• [What the task asks]:
All records that follow are to be copied exactly, with images omitted.

[Record set]

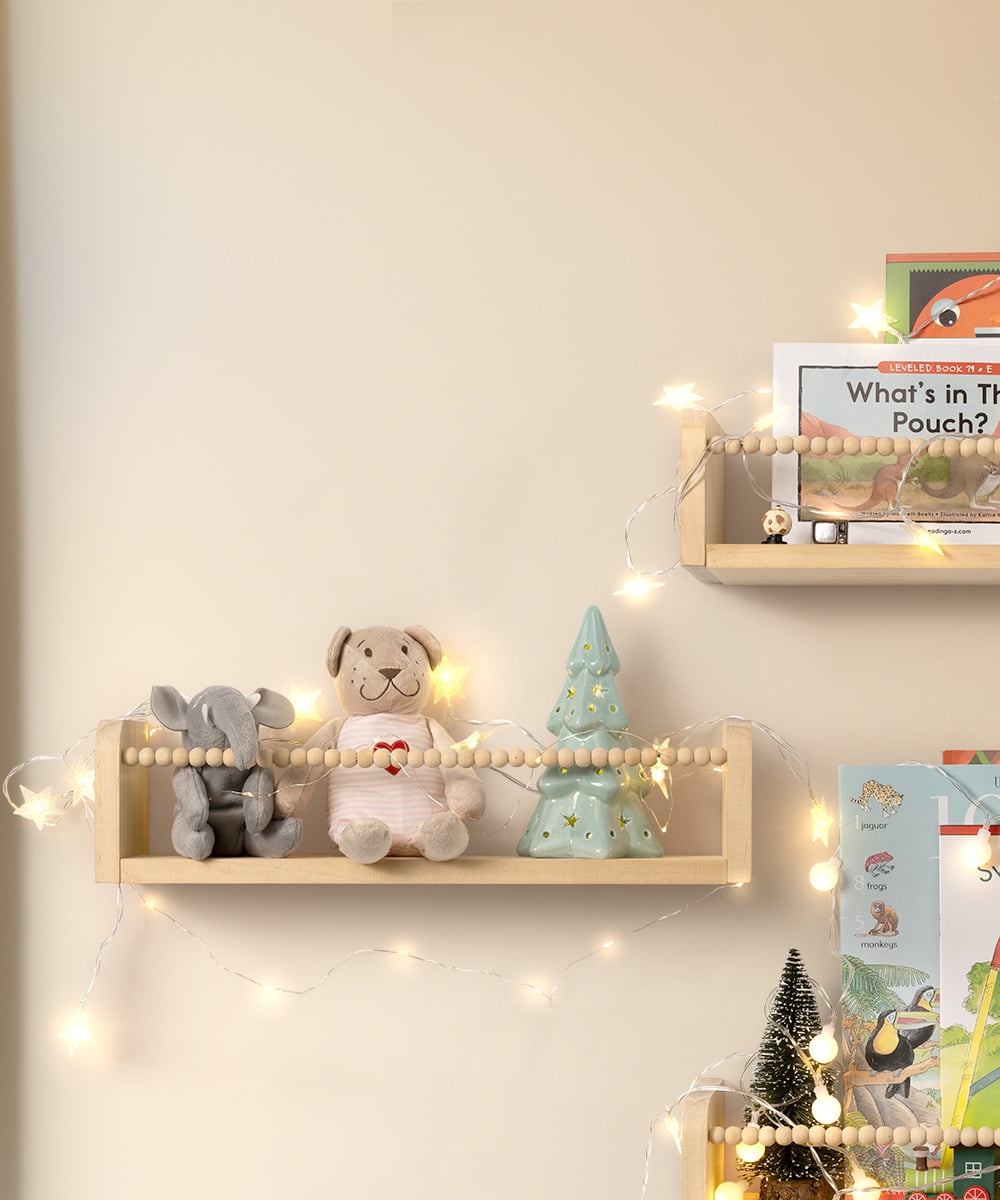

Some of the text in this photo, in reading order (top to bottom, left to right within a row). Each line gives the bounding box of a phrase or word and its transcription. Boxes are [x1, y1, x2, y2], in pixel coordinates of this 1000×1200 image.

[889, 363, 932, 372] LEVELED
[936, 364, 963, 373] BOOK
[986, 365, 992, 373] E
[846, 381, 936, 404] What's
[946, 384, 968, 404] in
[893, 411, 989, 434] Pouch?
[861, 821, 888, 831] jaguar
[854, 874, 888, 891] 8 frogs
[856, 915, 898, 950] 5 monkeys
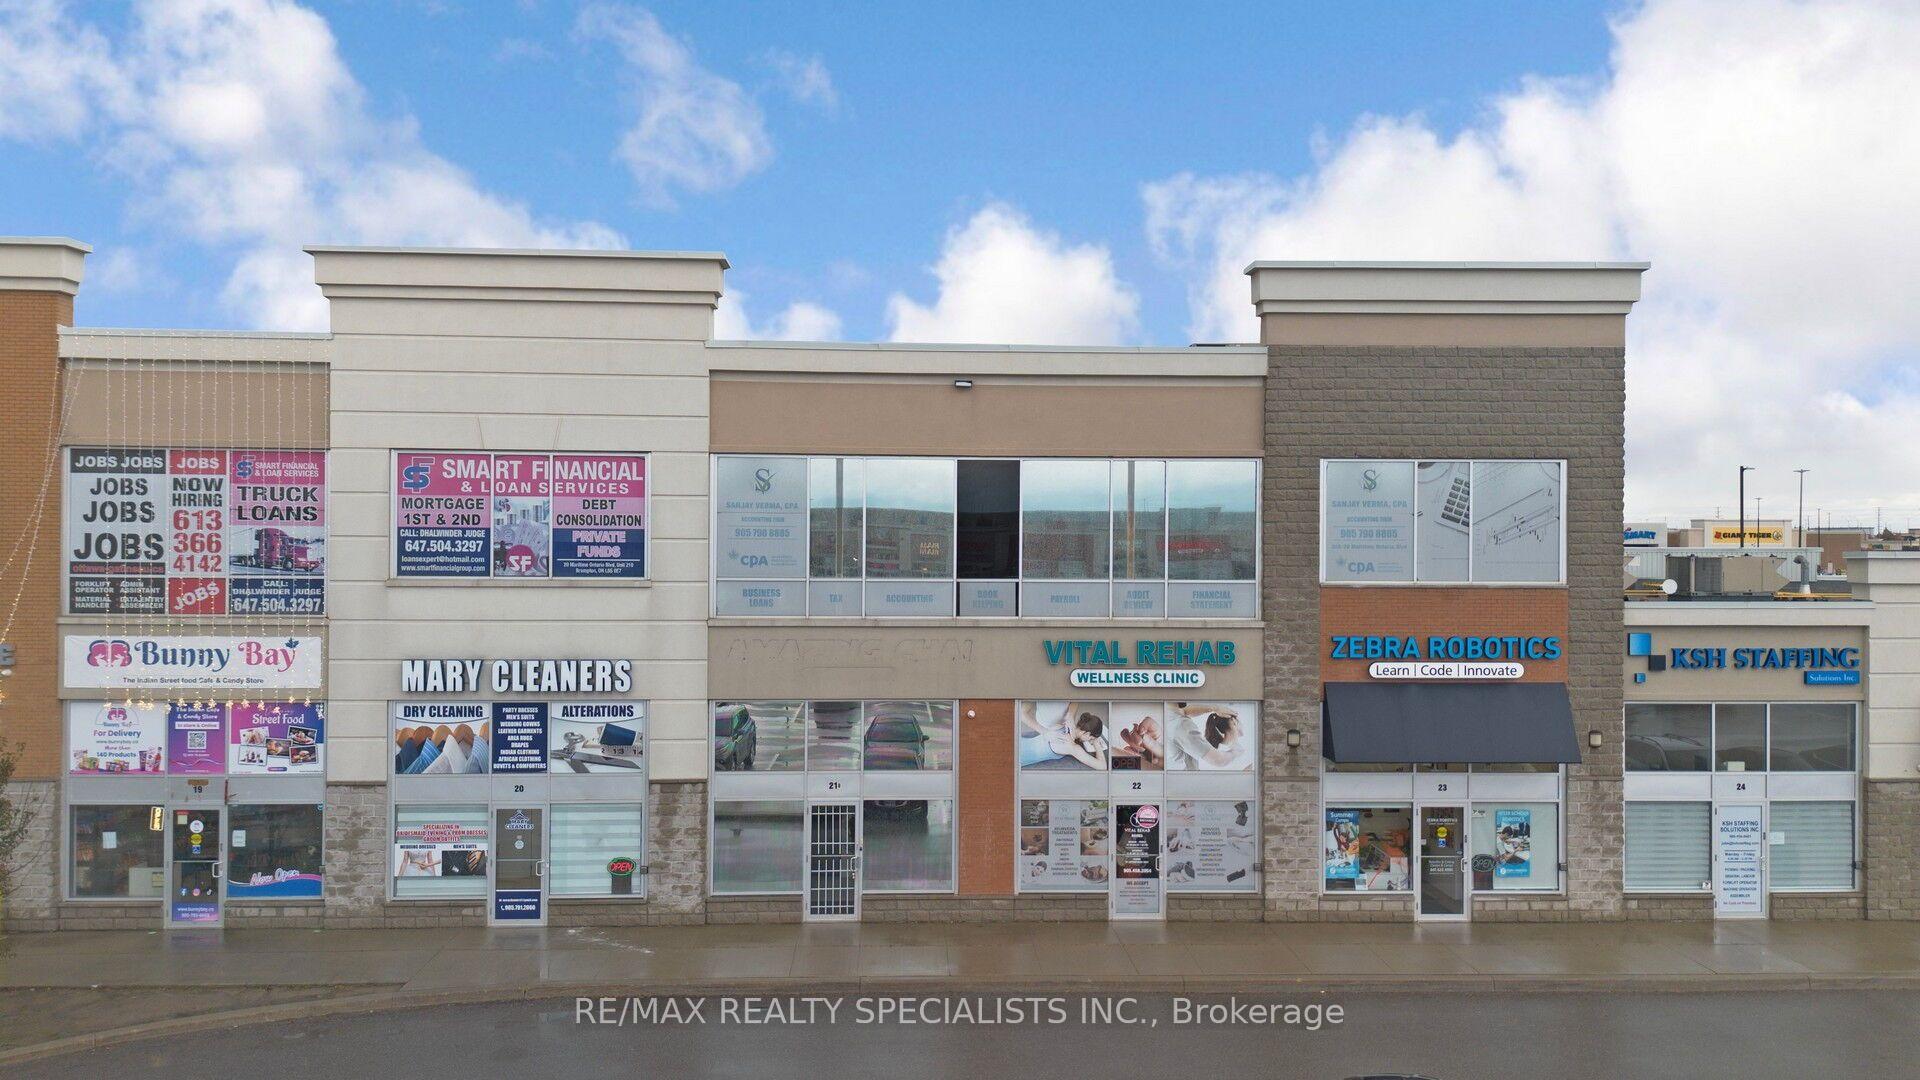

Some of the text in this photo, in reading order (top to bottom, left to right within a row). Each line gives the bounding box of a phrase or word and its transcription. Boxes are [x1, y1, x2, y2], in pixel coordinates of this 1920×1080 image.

[/Record set]

• [Written reply]:
Some of the text in this photo, in reading order (top to bottom, left to right within a row). Each line gives the bounding box of a phrase or word and its transcription. Boxes are [x1, y1, x2, y2], in pixel coordinates of this 1000×1200 image.

[889, 363, 932, 372] LEVELED
[936, 364, 963, 373] BOOK
[986, 365, 992, 373] E
[846, 381, 936, 404] What's
[946, 384, 968, 404] in
[893, 411, 989, 434] Pouch?
[861, 821, 888, 831] jaguar
[854, 874, 888, 891] 8 frogs
[856, 915, 898, 950] 5 monkeys

Some of the text in this photo, in reading order (top to bottom, left to right within a row). Each line gives the bounding box of a phrase or word and its transcription. Boxes are [x1, y1, x2, y2], in pixel coordinates of this 1920×1080 image.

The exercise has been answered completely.